Collected data entries:
----
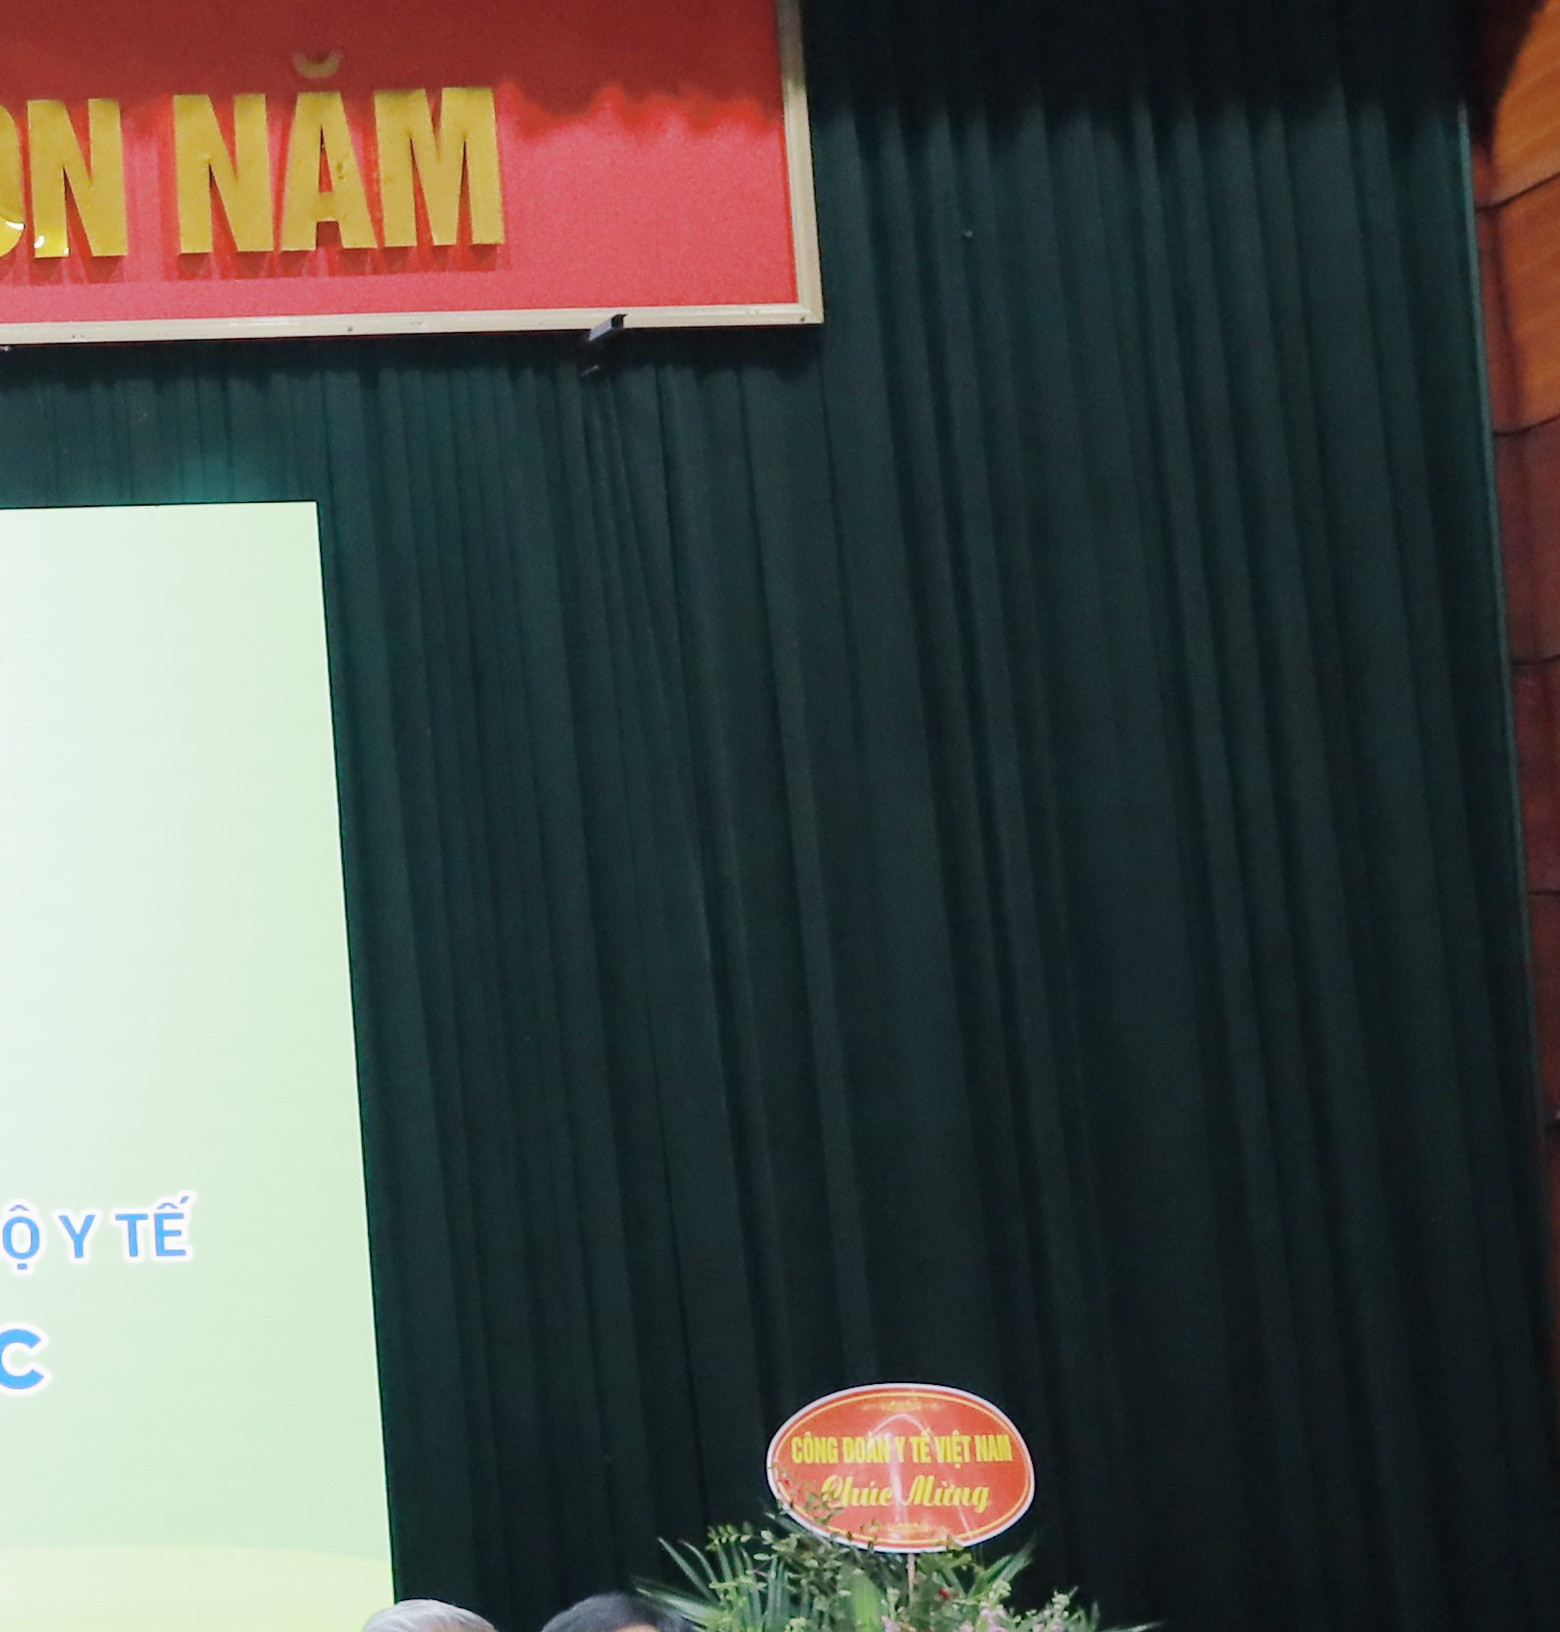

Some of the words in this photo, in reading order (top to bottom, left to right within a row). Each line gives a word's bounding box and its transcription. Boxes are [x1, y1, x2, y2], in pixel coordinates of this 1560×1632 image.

[173, 50, 504, 255] NĂM
[58, 1215, 95, 1258] Y
[115, 1194, 192, 1259] TẾ
[791, 1431, 838, 1464] CÔNG
[896, 1436, 906, 1463] Y
[934, 1430, 971, 1469] VIỆT
[975, 1434, 1013, 1462] NAM
----
■ **EXERCISE DIRECTIONS**
Please print out the entries above exactly. The pictures stay out.

■ **TASK RESULT**
Some of the words in this photo, in reading order (top to bottom, left to right within a row). Each line gives a word's bounding box and its transcription. Boxes are [x1, y1, x2, y2], in pixel coordinates of this 1560×1632 image.

[173, 50, 504, 255] NĂM
[58, 1215, 95, 1258] Y
[115, 1194, 192, 1259] TẾ
[791, 1431, 838, 1464] CÔNG
[896, 1436, 906, 1463] Y
[934, 1430, 971, 1469] VIỆT
[975, 1434, 1013, 1462] NAM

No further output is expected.